There had been nothing in the forecast about the storm. In fact, just a day or two before, I remember checking the extended forecast for any chance of rain in the near future. A twenty percent chance was the highest I ever saw. The storm was a total surprise, coming out of virtually nowhere.
Linda saw meaning in it. Not the supernatural, message from God type of meaning, but the “there’s a lesson to be learned from this” kind of meaning.
We never know what’s coming. The COVID-19 disaster is a recent global example of the truth of the often paraphrased quote from Scottish poet Robert Burns, “the best-laid plans of mice and men often go awry.” (I paraphrased, too, since most Americans, myself included, wouldn’t know the meaning of “Gang aft a-gley.”)
We can make the most detailed plans, as Linda and I are trying to do for our move to Europe. But those plans can forcibly change in the proverbial blink of an eye.
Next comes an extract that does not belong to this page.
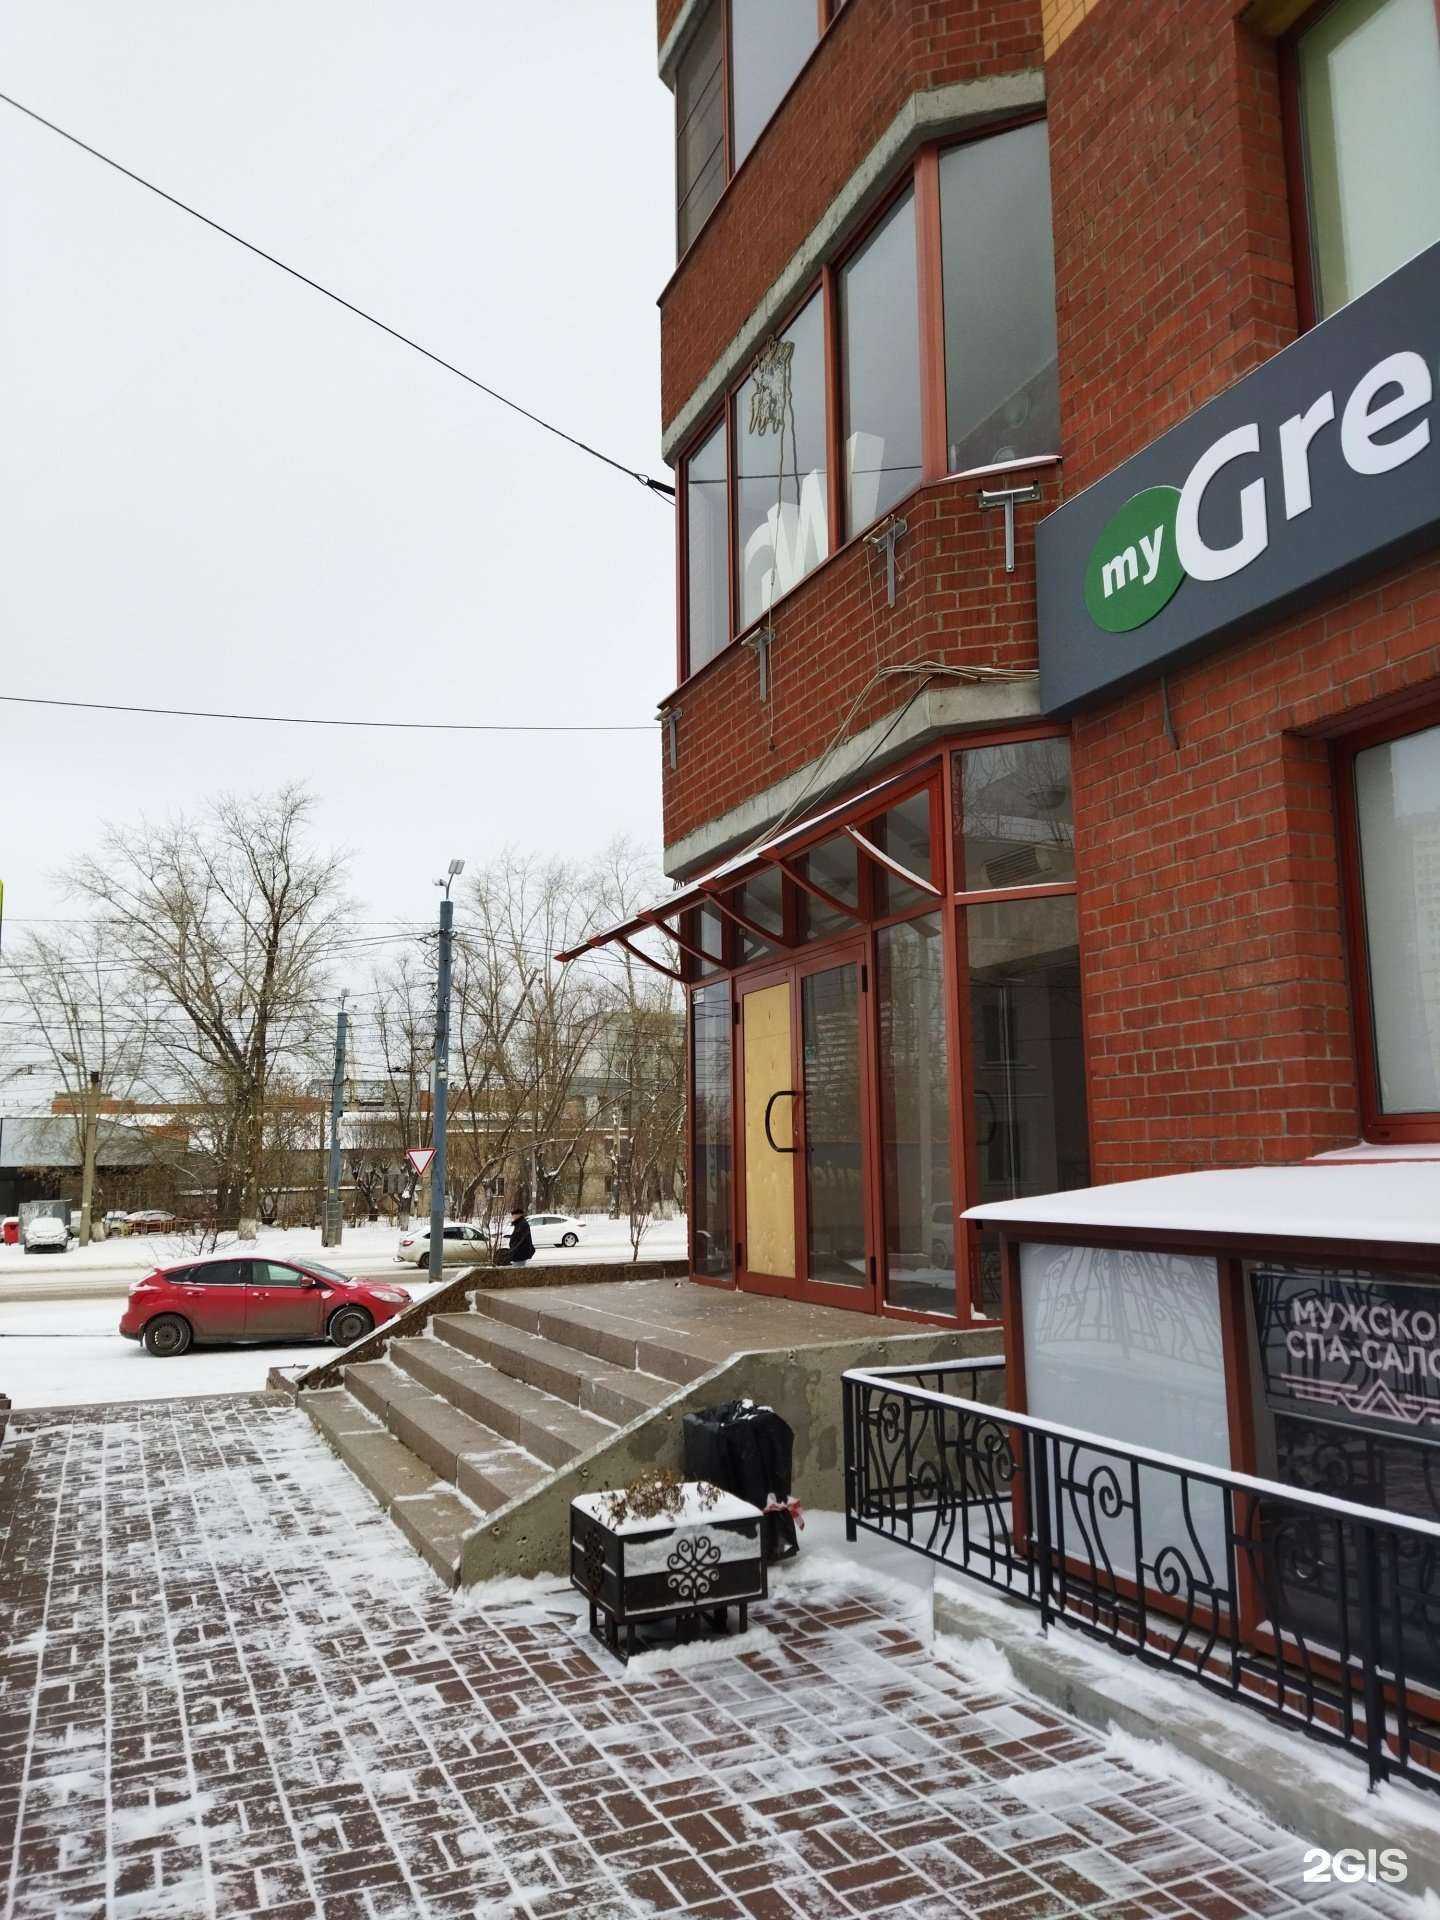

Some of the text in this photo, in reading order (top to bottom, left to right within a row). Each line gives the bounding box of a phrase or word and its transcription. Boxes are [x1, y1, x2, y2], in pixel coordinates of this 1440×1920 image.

Some examples: Linda’s back now from her three weeks in Hawaii where she went to care for a friend who is going through chemo. These treatments had to wait until her friendrecovered from the first attempt. She was so allergic to the drug they used last year that she nearly died from the treatment before the disease had a chance to take her out.
Then, there's the friend that we went to Minnesota a few weeks ago to move back to Colorado into an assisted living facility. He alternately likes and hates where he’s living, depending largely on what he happens to remember at the time. He feels trapped because he can’t go driving wherever he wants, and frequently has to be reminded that his license was revoked a couple of years before.
Linda’s parents are still having challenges in adjusting to their new digs, also in an assisted living facility. They built their house over fifty years ago and raised all their kids there. It was the only home they knew for over a half century. Now, they’re in an apartment a fraction of the size, with people coming in at various times throughout the day to administer drugs, help out with other things, etc.
These things came as a surprise. Granted, there are some things that can be predicted. For instance, when your father had Alzheimer’s and your mother had dementia, you can figure the chances are pretty good that you’re going to develop memory issues like the friend from Minnesota.
We don’t have any glaring issues like that in our history. But we’re both in our sixties now. Time has crept up on us. Every day of our lives was always one day closer to death, but now, each of those days is a lot more precious. A well-known phrase came to Linda’s mind.
Linda has been battling feelings of guilt about considering moving away from friends and family to pursue what’s essentially a selfish dream. But we never know what’s waiting around the corner. We don’t know how long our bodies are going to last. It’ll be hard to see Europe in a wheelchair or a walker.
This notion of doing what we have to do for ourselves hasn’t really helped Linda with the feelings of guilt. She still feels like she’ll be abandoning her parents and friend. But at least they’re now in facilities where their physical needs can actually be cared for by people qualified to do it. These facilities don’t provide love, it’s true, but as Linda noted, she can call them and Skype with them.
It’s time for us to seize the day. Or, as English poet Robert Herrick wrote:
Gather ye rosebuds while ye may,
Old Time is still a-flying;
And this same flower that smiles today
Tomorrow will be dying.
The glorious lamp of heaven, the sun,
The higher he’s a-getting,
The sooner will his race be run,
And nearer he’s to setting.
That age is best which is the first,
When youth and blood are warmer;
But being spent, the worse, and worst
Times still succeed the former.
Then be not coy, but use your time,
And while ye may, go marry;
For having lost but once your prime,
You may forever tarry.
We need to gather some rosebuds, before the next hail storm batters them to the ground.